▶ _Problem description_
Pictures do not belong in the copy, so please give every entry below again exactly.

*** Excerpted data Section Begins ***

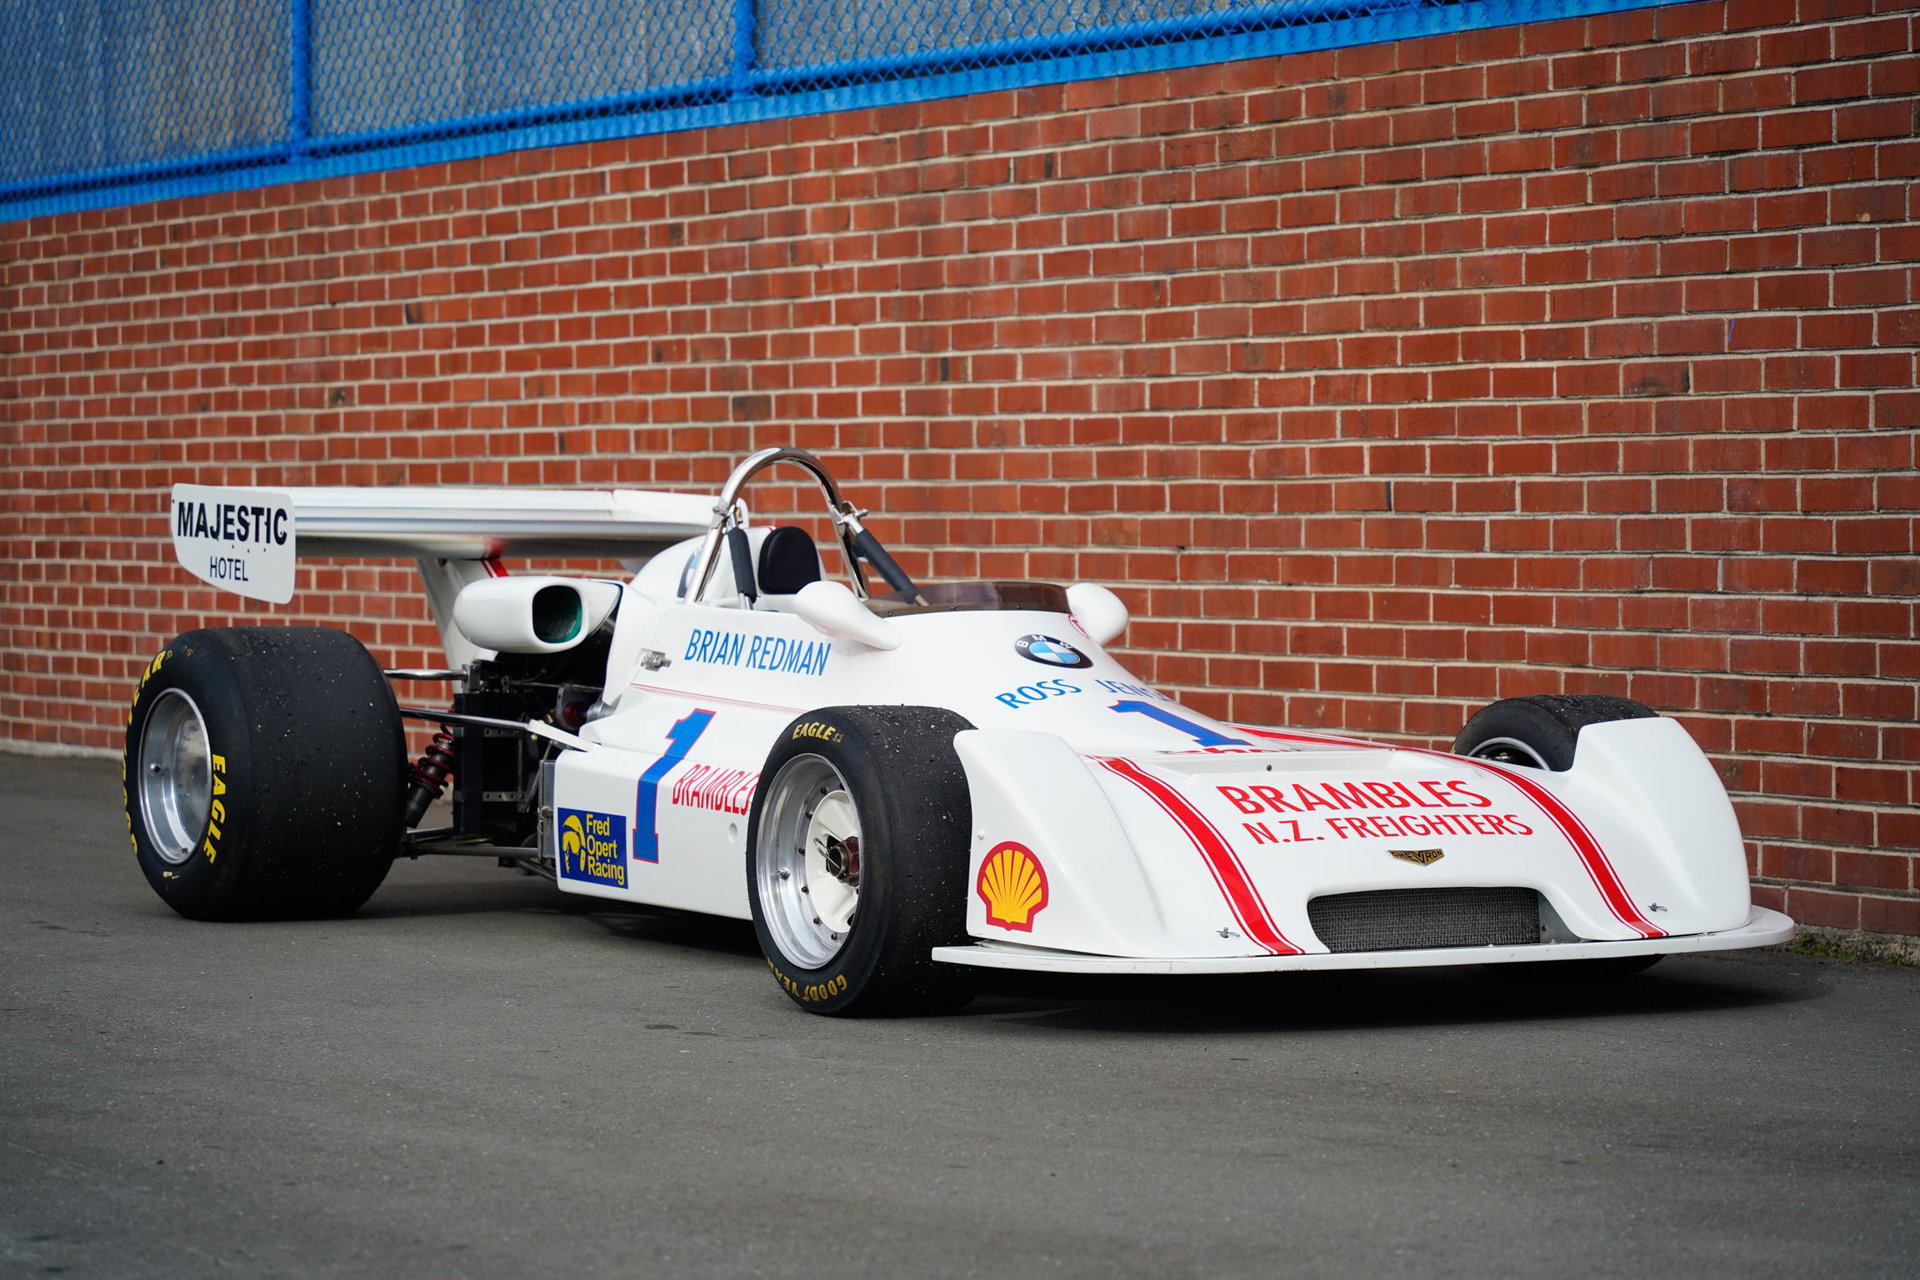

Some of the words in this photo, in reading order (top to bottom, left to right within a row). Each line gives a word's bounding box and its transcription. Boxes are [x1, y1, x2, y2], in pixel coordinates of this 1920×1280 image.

[177, 502, 288, 545] MAJESTIC
[210, 556, 249, 581] HOTEL
[684, 629, 746, 667] BRIAN
[745, 635, 832, 676] REDMAN
[994, 678, 1083, 709] ROSS
[792, 722, 836, 740] EAGLE
[633, 707, 717, 864] 1
[1216, 780, 1492, 814] BRAMBLES
[203, 754, 227, 864] EAGLE
[586, 814, 610, 836] Fred
[1242, 820, 1324, 845] N.Z.
[1327, 814, 1534, 839] FREIGHTERS
[587, 835, 618, 860] Opert
[587, 857, 625, 886] Racing

*** Excerpted data Section Ends ***

▶ _Answer to the problem_
Some of the words in this photo, in reading order (top to bottom, left to right within a row). Each line gives a word's bounding box and its transcription. Boxes are [x1, y1, x2, y2], in pixel coordinates of this 1920×1280 image.

[177, 502, 288, 545] MAJESTIC
[210, 556, 249, 581] HOTEL
[684, 629, 746, 667] BRIAN
[745, 635, 832, 676] REDMAN
[994, 678, 1083, 709] ROSS
[792, 722, 836, 740] EAGLE
[633, 707, 717, 864] 1
[1216, 780, 1492, 814] BRAMBLES
[203, 754, 227, 864] EAGLE
[586, 814, 610, 836] Fred
[1242, 820, 1324, 845] N.Z.
[1327, 814, 1534, 839] FREIGHTERS
[587, 835, 618, 860] Opert
[587, 857, 625, 886] Racing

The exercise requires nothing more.